One problem that may exist is that conventional toxicity assessment techniques are only sometimes adequate for new materials as they appear. There is, therefore, a growing area of research in eco-nanotoxicology to develop new methods to assess any possible interaction of these materials with health and the environment, both in the short and long term.

-The manufacture of components at such small levels requires a very specific infrastructure. Are the resources and means required for this type of research easily available?

-The truth is that the equipment needed to manufacture and characterize nanomaterials is usually costly.

Fortunately, it also receives a lot of funding because it offers many possibilities and an infinite number of applications.

-You have been focusing your studies on the decentralization of food analysis for several years. Why is it so important to be able to perform these analyses in situ? What advantages can these methods provide over traditional laboratory analysis?

-The main advantage is that it allows us to take the laboratory to the field, the industry or wherever it is needed without sending the samples to the traditional laboratory.

During the pandemic, we saw firsthand how rapid on-site testing could make our lives easier. The miniaturized devices are designed to be quick and easy to use so that we can have the result on the spot and, therefore, take the necessary measures, whether it is stopping the production of a product, starting a specific treatment or informing the authorities.
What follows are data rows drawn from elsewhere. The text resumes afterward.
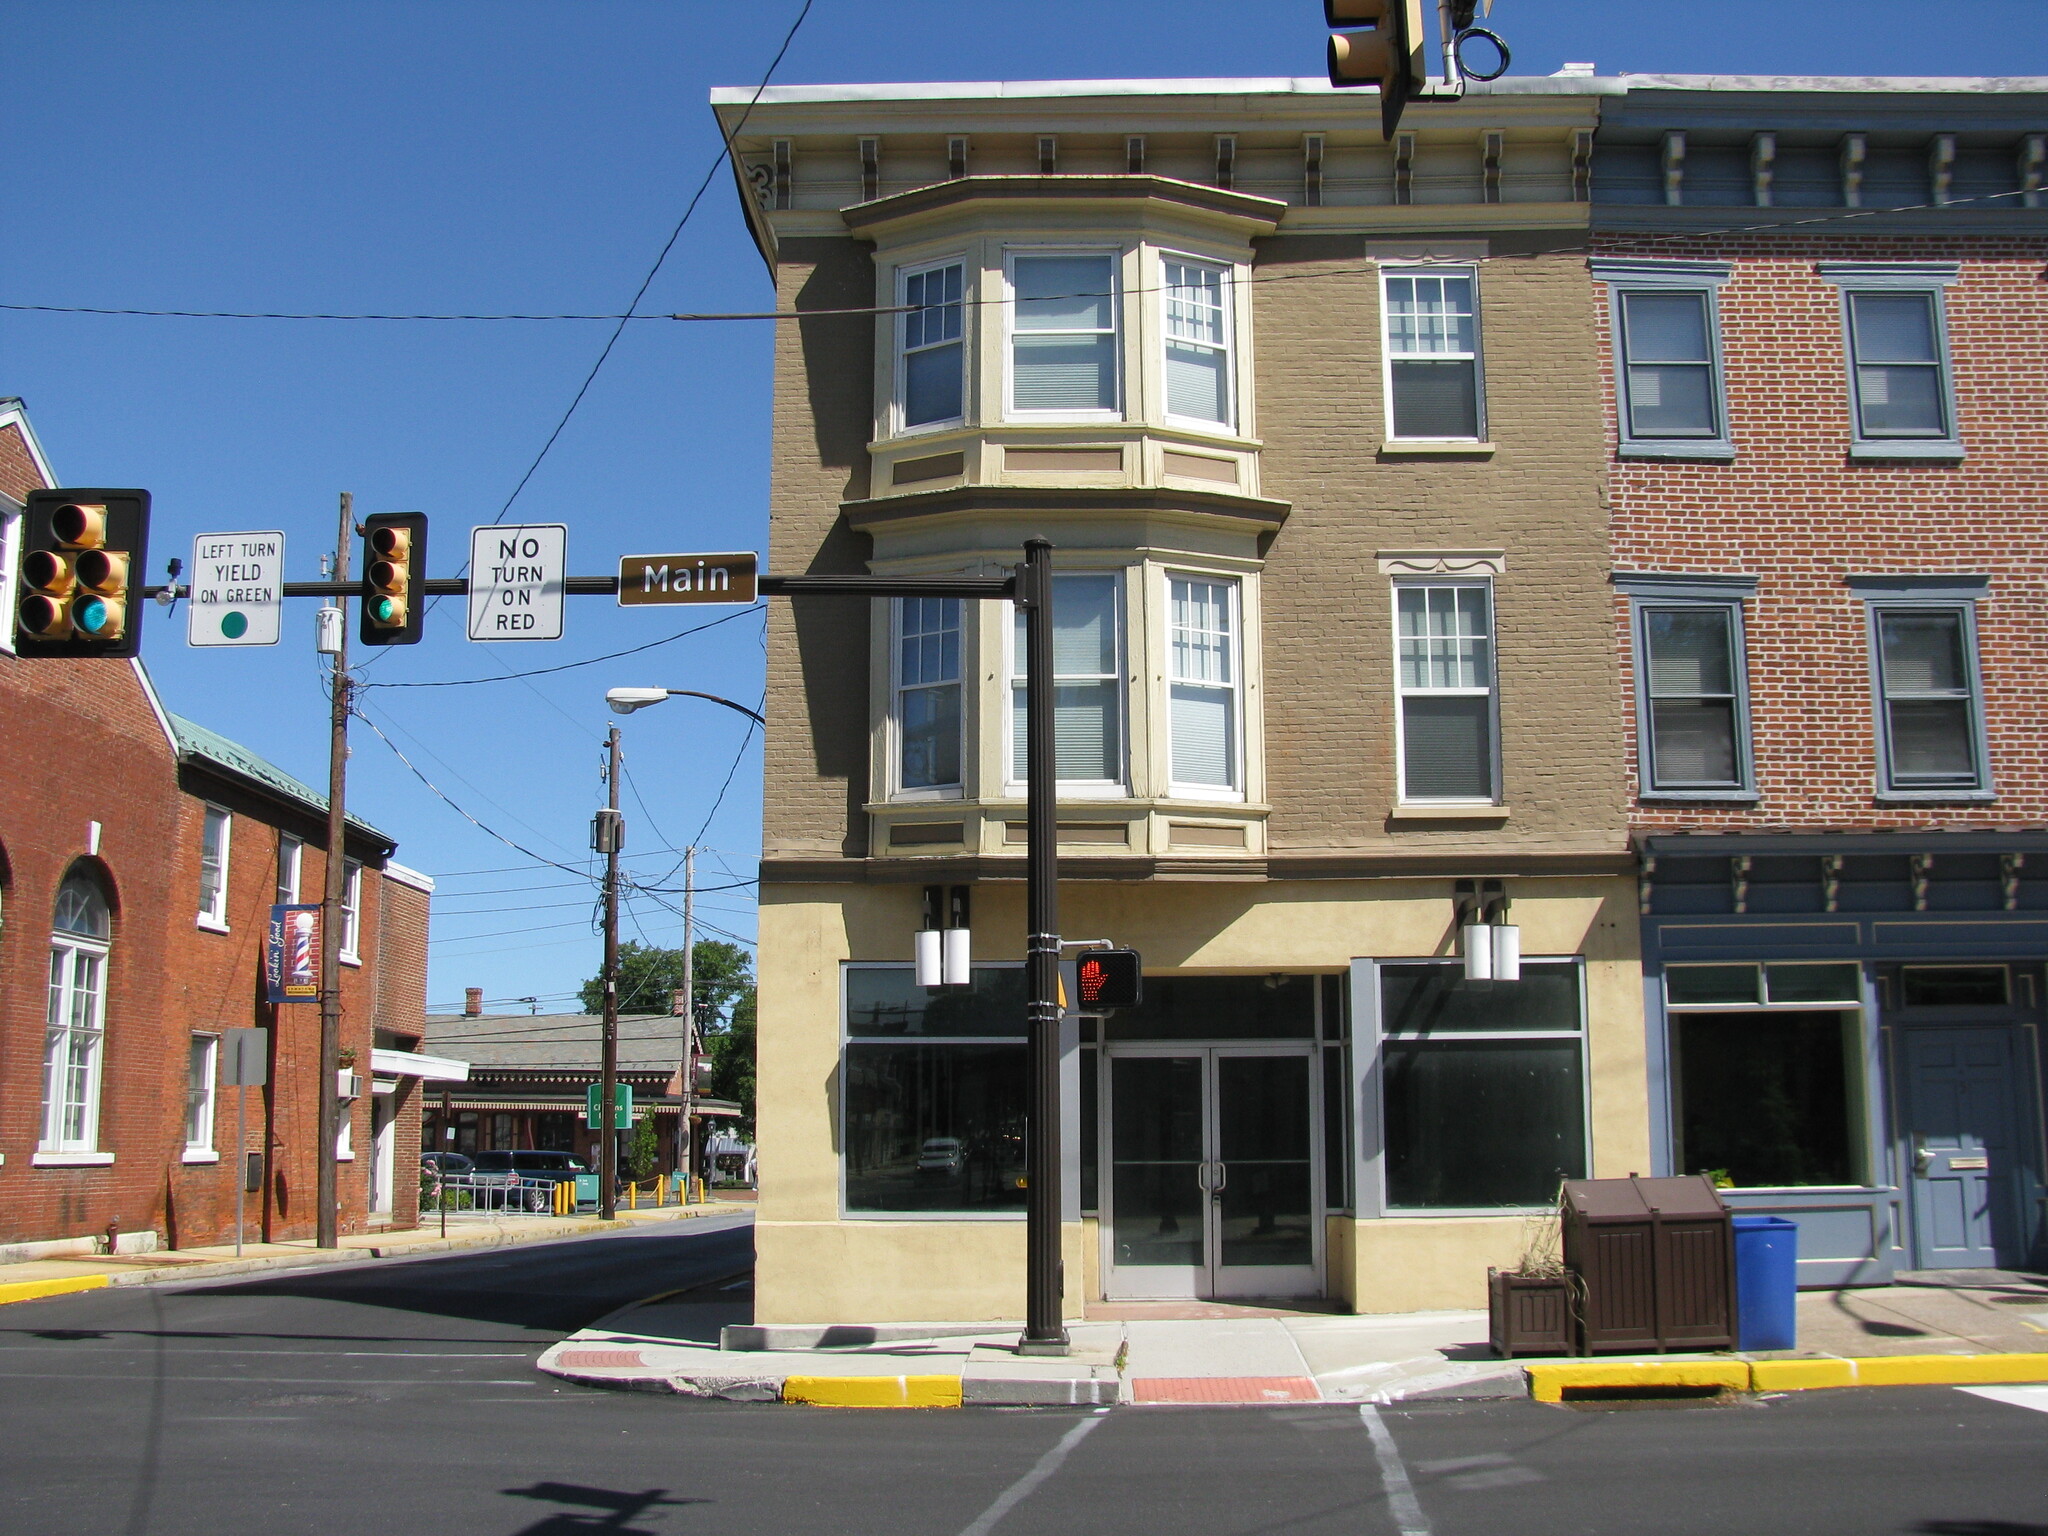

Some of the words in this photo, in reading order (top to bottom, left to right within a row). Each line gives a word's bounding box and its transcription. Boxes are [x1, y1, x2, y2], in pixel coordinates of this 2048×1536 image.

[202, 544, 234, 559] LEFT
[241, 543, 275, 557] TURN
[499, 538, 540, 559] NO
[215, 564, 261, 581] YIELD
[491, 566, 543, 583] TURN
[644, 560, 729, 593] Main
[201, 589, 218, 603] ON
[226, 588, 272, 602] GREEN
[502, 589, 530, 606] ON
[496, 613, 535, 630] RED
[269, 920, 285, 947] Good
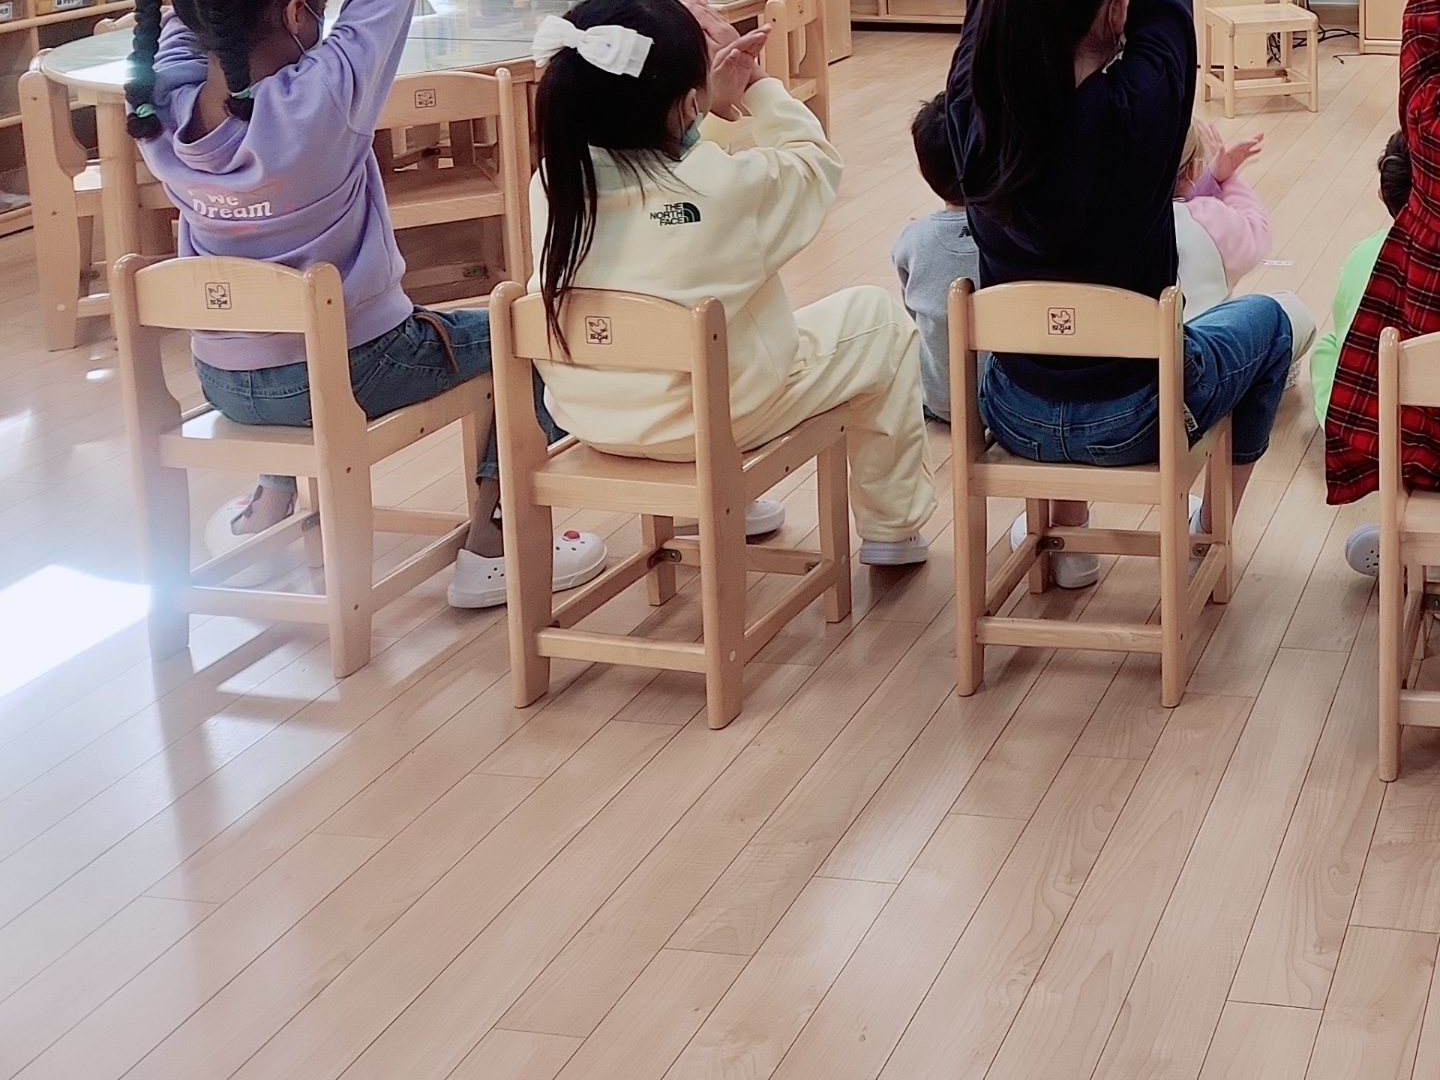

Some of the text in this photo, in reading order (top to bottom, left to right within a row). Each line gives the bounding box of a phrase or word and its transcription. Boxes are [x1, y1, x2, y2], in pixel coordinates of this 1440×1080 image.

[192, 198, 273, 219] Dream
[663, 202, 682, 211] THE
[650, 210, 683, 220] NORTH
[659, 217, 684, 227] FACE
Some developments in this regard are already on the market, such as rapid tests like COVID, pregnancy tests or on-site blood sugar analysis for people with diabetes. Still, many other tests have yet to be available because they are more complicated but essential.

In my case, I focus on DNA analysis in a rapid and miniaturized format, something like PCR, that can be performed outside a specialized laboratory but with the same sensitivity and specificity.

Another advantage is that these devices can be connected and send data. We are already working on a European project with two use cases.

In one, we are collaborating with partners in Germany and the Netherlands to connect our miniaturized devices with blockchain to contribute to the traceability and authenticity of olive oil.

In collaboration with a Spanish company and another from Germany, our devices will contribute information for an AI-based model that will allow us to predict the possible presence of cross-contamination with allergens in food within a food production plant. Still, the possibilities regarding the potential applications and usefulness of the data generated are enormous.

-The cost reduction that this type of analysis allows could be revolutionary in those parts of the world where there are insufficient means to ensure absolute food safety. How do you see the future of applying your research from a humanitarian perspective?

-Yes, this motivates me a lot, as these devices could help perform advanced analysis in resource-poor environments. Knowing if water is drinkable or if food is in good condition is fundamental and not always possible in certain locations where no laboratories are nearby or are not sufficiently equipped.

In addition, there are a multitude of applications in other fields. Human health is the most precise and direct, but animal health, plant health, and environmental control are also essential to improve people's lives and help take measures to alleviate possible problems.